AIM OF THE EXERCISE: All records below should be repeated exactly, with the pictures left out.

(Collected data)
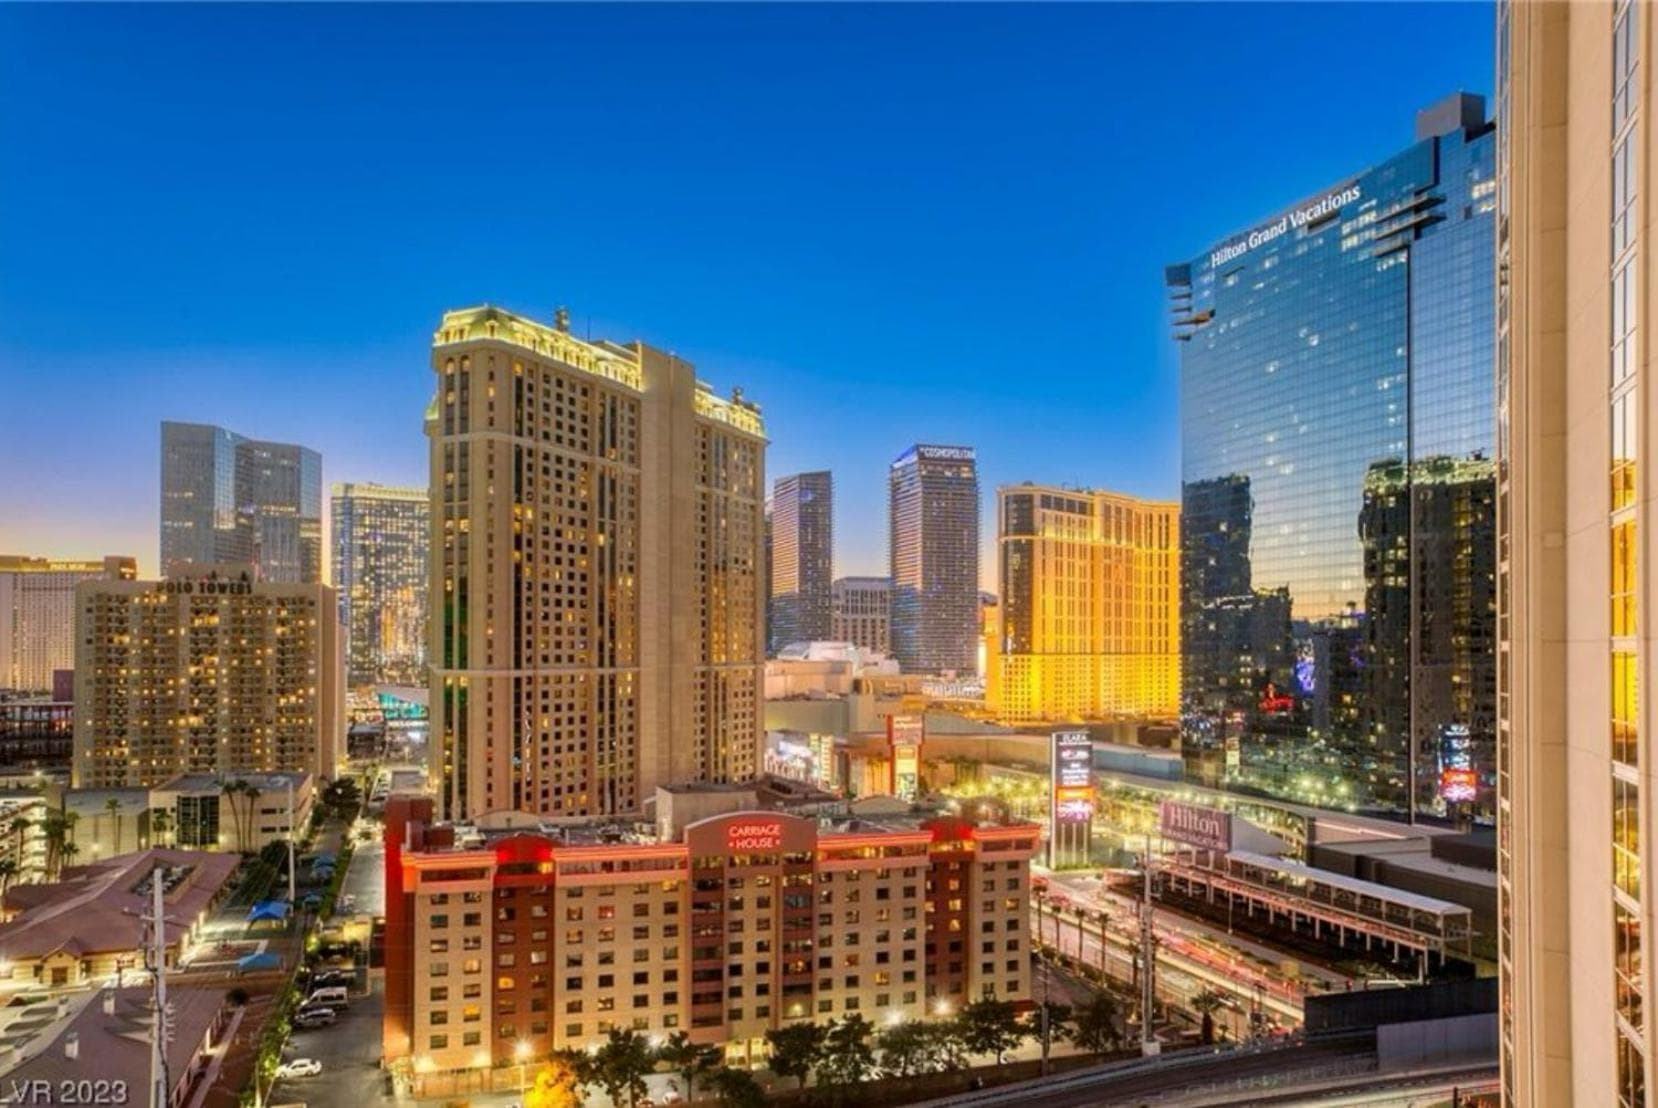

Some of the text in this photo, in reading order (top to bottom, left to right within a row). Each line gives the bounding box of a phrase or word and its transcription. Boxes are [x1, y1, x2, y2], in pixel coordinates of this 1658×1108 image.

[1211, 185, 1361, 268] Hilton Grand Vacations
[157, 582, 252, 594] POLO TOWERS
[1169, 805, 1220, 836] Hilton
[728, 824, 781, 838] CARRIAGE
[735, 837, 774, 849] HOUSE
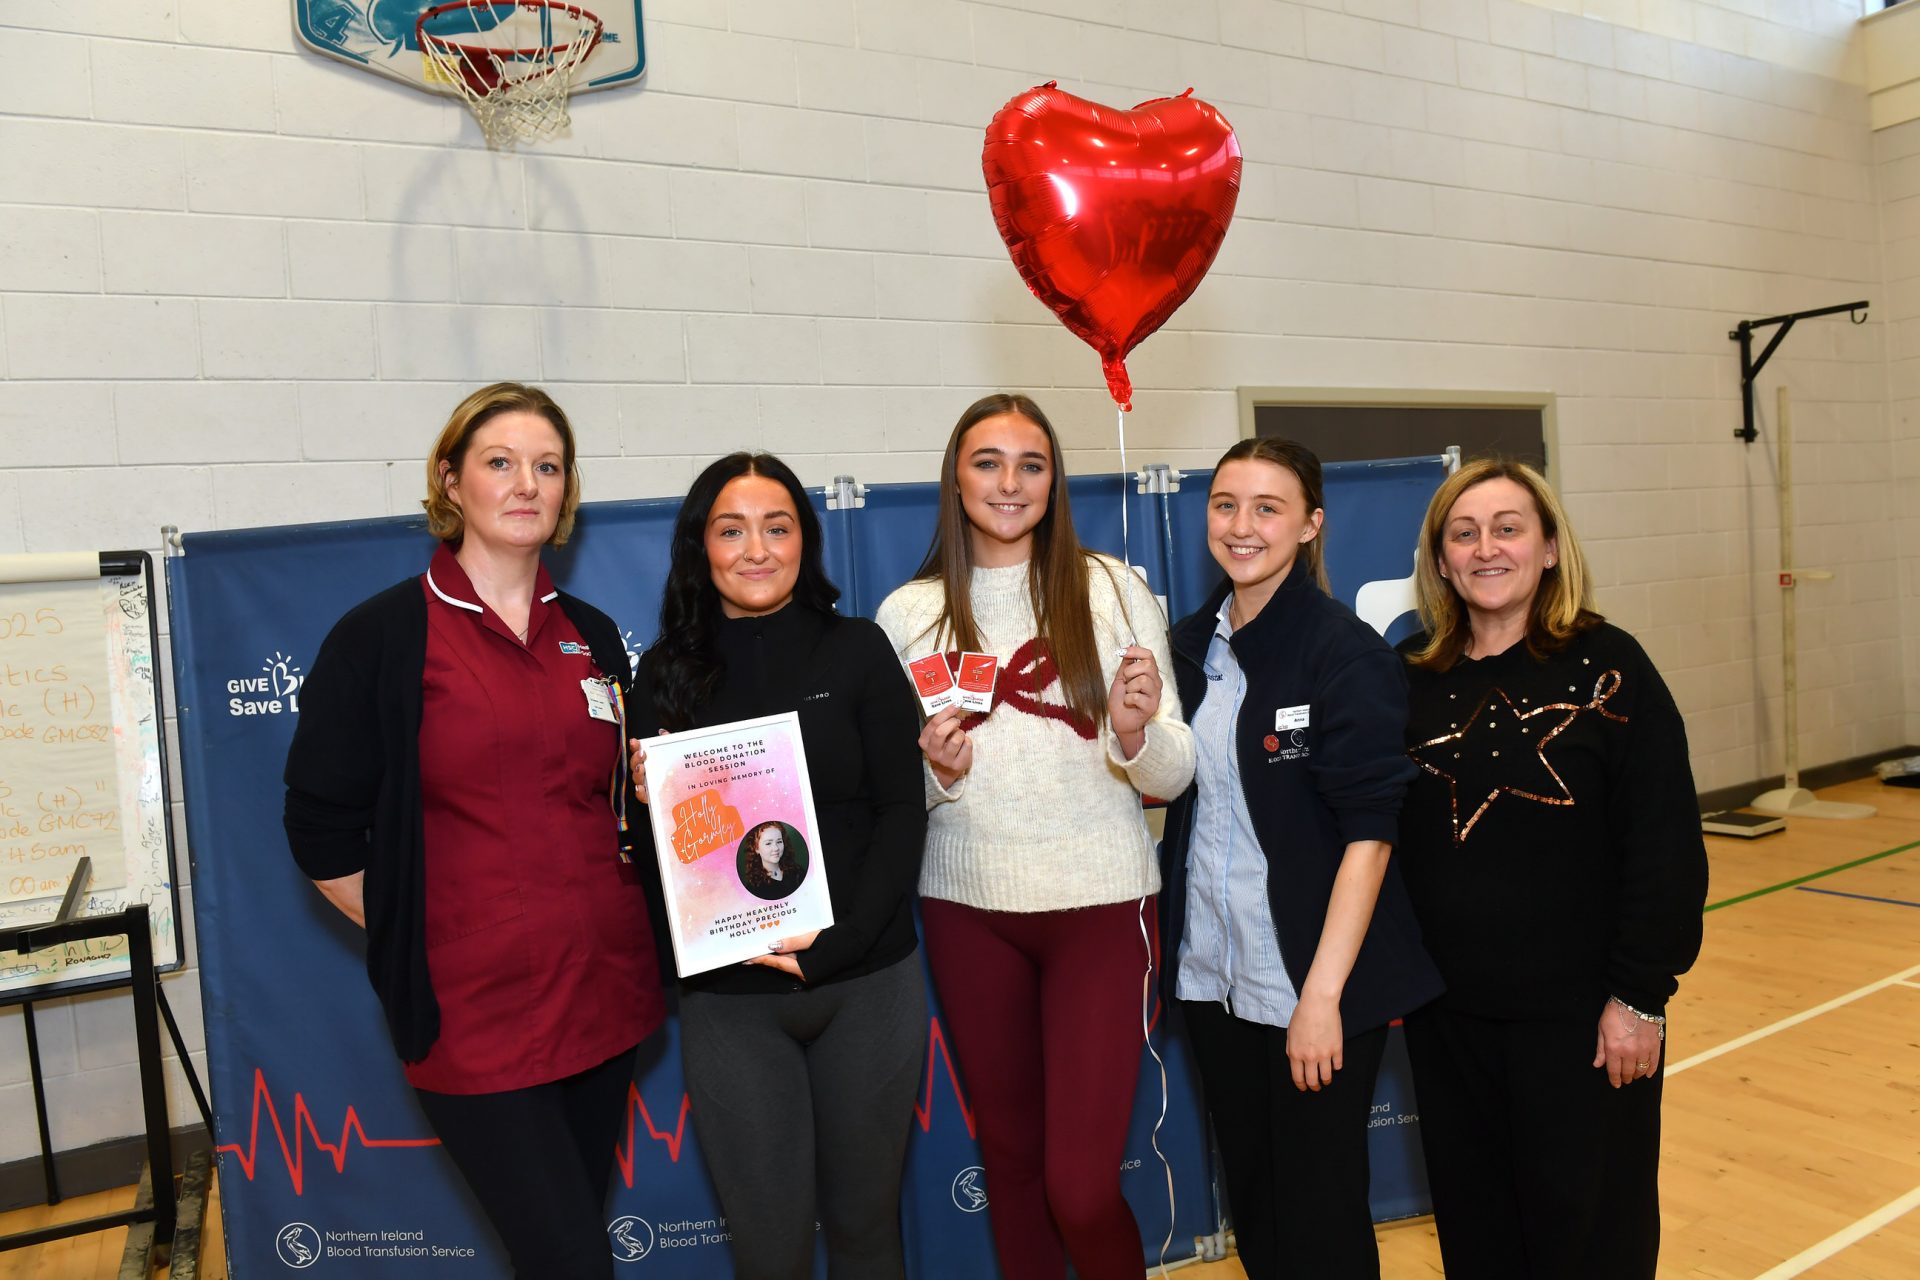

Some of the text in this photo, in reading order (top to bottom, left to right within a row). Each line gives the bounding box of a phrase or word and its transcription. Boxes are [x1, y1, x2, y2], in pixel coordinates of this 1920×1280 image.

RESPONSE FOR THIS EXERCISE:
Some of the text in this photo, in reading order (top to bottom, left to right within a row). Each line gives the bounding box of a phrase or word and its transcription. Boxes are [x1, y1, x2, y2], in pixel coordinates of this 1658×1108 image.

[1211, 185, 1361, 268] Hilton Grand Vacations
[157, 582, 252, 594] POLO TOWERS
[1169, 805, 1220, 836] Hilton
[728, 824, 781, 838] CARRIAGE
[735, 837, 774, 849] HOUSE

Some of the text in this photo, in reading order (top to bottom, left to right within a row). Each line gives the bounding box of a phrase or word and its transcription. Boxes are [x1, y1, x2, y2], in pixel coordinates of this 1920×1280 image.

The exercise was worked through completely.